Yesterday could quite easily have been worse if it weren’t for the lead performance. If you’ve ever seen Patel’s previous work (particularly in Eastenders), you can get a feel for someone who’s got a natural comedic streak under his more dramatic abilities, making him absolutely perfect for this kind of role – he can be serious when he needs to be but his real talent lies in exceedingly dry wit, a type of humour that can easily be done poorly to the point that it’s annoying. Luckily Patel has that fully under control. His talents as a singer and instrumentalist also shine in this film, allowing him to really deliver the full package as Jack and truly make the film what it is. When it comes to James, anyone who has read previous reviews I’ve written about films she’s been cast in will know that I don’t generally enjoy her performances unless she’s creating a caricature of some kind, such as in Cinderella, or when she has to utilise an American accent, such as in Baby Driver or Mamma Mia: Here We Go Again, an accent that calls for a little exaggeration and over-the-top acting; these kinds of roles are perfectly suited to her, however when it comes to straight-laced roles such as Ellie, she comes across as though she doesn’t understand her character or which emotion to portray. Ultimately, I am a fan of James, and I will always root for her and see any movie she features in, but sometimes she picks the wrong roles. Her performance isn’t terrible, but audiences can be left feeling very indifferent towards Ellie. She is a good character, and James is a good actress, but, in the same way as Boyle and Curtis, these two weren’t made for each other.
Having Sheeran appear as himself (original casting was Chris Martin of Coldplay but this was unable to happen due to scheduling reasons) was a bit of an odd one. Of course, his fans would be delighted to see as much of him as they do in this film, but it does feel like the film is just riding the wave of his current popularity. His inclusion as a character does help to propel Jack to superstardom, but he wasn’t entirely necessary. McKinnon was perhaps your stereotypical token American as Jack’s agent, and she does bring a lot of that American humour to entice American audiences, but the real MVPs of the supporting cast are Meera Syal and Sanjeev Bhaskar as Jack’s parents; a pair of stalwarts in British comedy, they’re instantly recognisable and you know when you see them that you’ll be giggling within seconds.
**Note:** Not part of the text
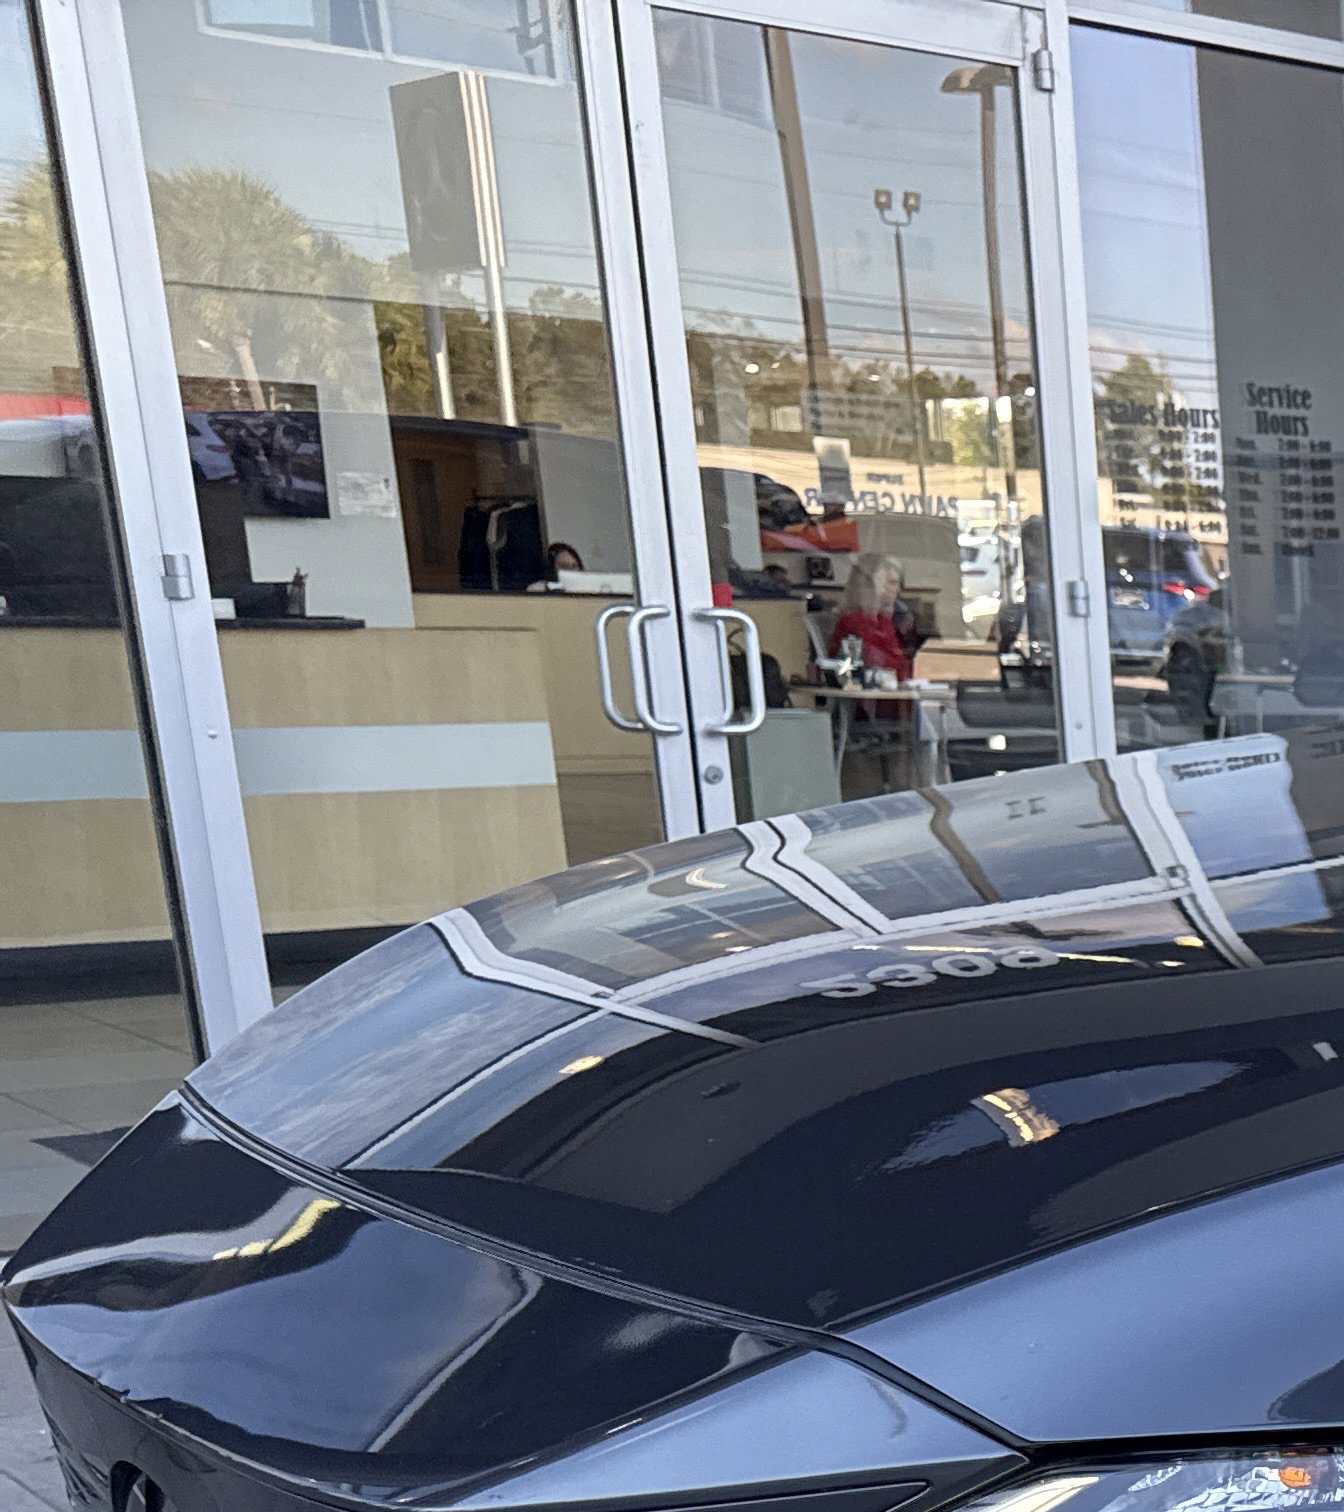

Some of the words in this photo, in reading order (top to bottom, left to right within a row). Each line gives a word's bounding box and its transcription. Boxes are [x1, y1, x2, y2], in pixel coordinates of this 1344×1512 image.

There are a lot of things right with this film, but also a lot of things wrong. A world without the Beatles would be a very different world indeed (for many of us), and it is interesting to see an exploration of that, particularly through such a fun and well-rounded and -performed character such as Jack. Although not executed in the best way, there’s enough in this film to be able to enjoy it as some light entertainment, particularly if you do enjoy the music of the Beatles and couldn’t bear to think of our world without Paul, John, George and Ringo.